While custom processes for integrating MEMS and electronics are available today, they're far too impractical for mass production. No semiconductor factory, King explains, is willing to pass their wafer to a MEMS foundry and then take it back again to complete the electronics.
How many products can you make with a boutique process?" King says. "Not many. If you rely on a specialized process for every MEMS product, it will never be cost effective

King's goal is to develop a process similar to the polysilicon technologies the MEMS industry is built upon. To do it, the researchers are exploiting a material in the same column of the periodic table of the elements as silicon. Silicon combined with germanium, King explains, provides the benefits of polycrystalline silicon but can be processed at temperatures hundreds of degrees lower. It can also be patterned using conventional MEMS fabrication tools.

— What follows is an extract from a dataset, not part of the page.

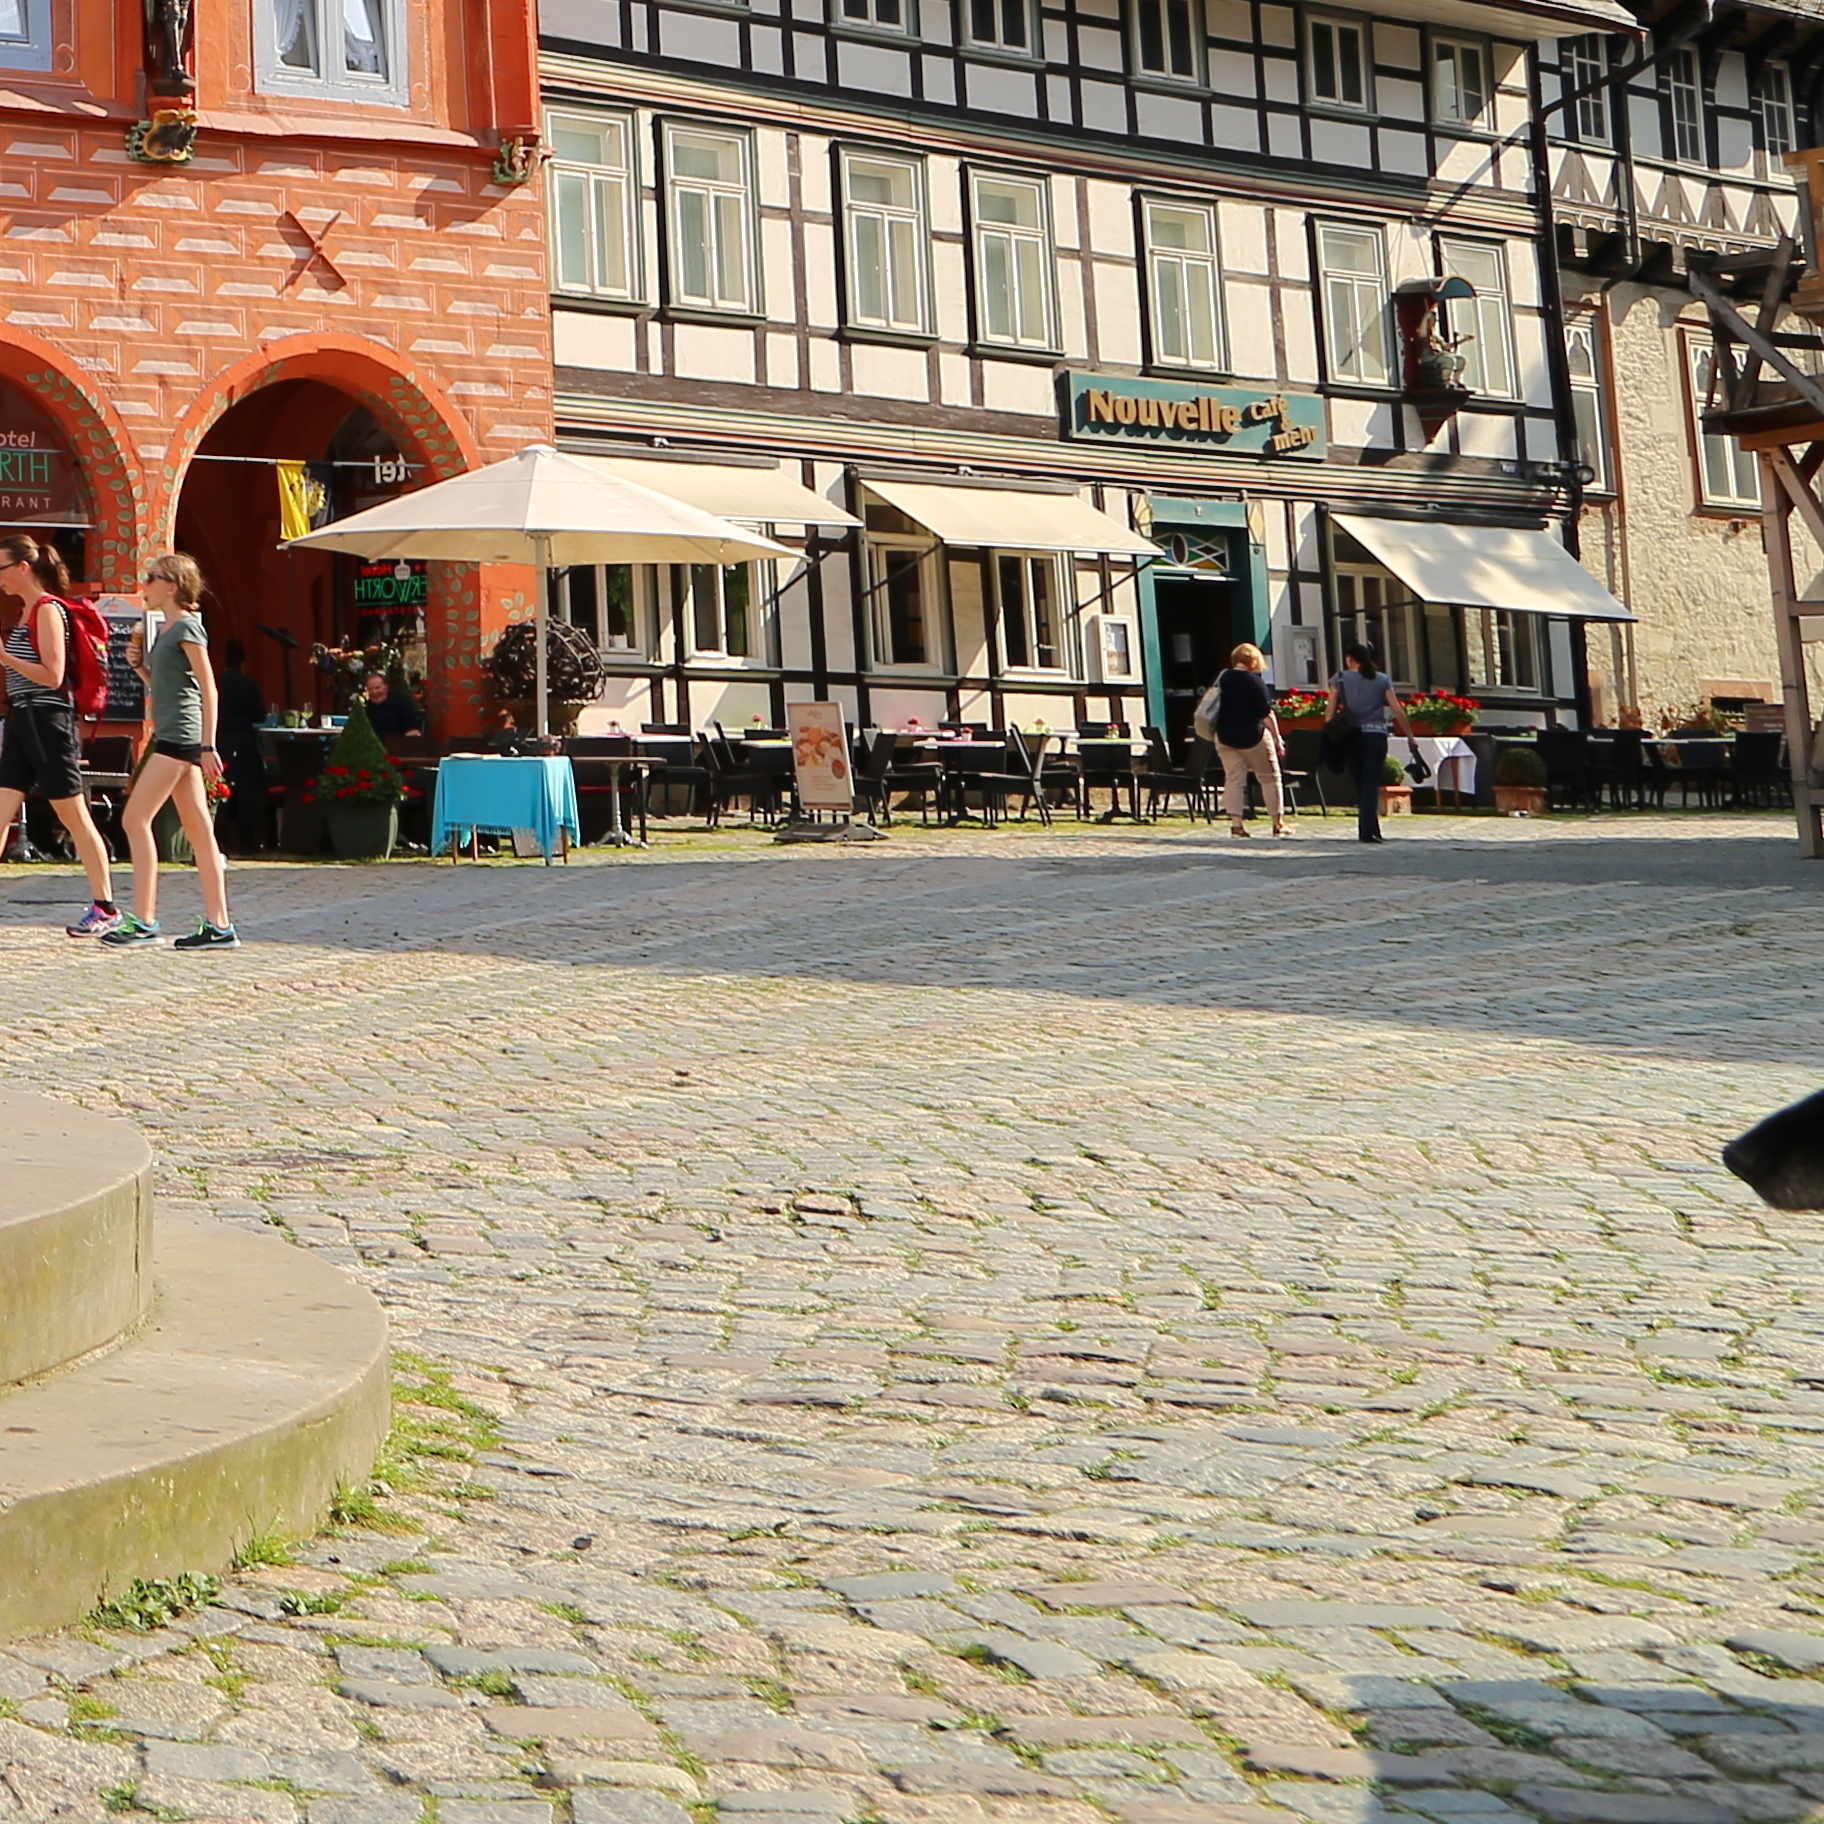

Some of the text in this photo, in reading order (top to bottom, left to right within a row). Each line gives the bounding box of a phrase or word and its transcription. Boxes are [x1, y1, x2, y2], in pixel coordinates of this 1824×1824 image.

The Berkeley researchers have already built prototype devices using the silicon-germanium process, including an audio-frequency filter used in radio transceivers. In the future, King says, modularly integrated MEMS-electronics technology could be used to build low-power radio transceivers on a single chip.
Because the processes remain the same as those used by current commercial MEMS foundries, the factories do not need to be adapted for silicon-germanium nor does industry-standard MEMS design software need to be rewritten.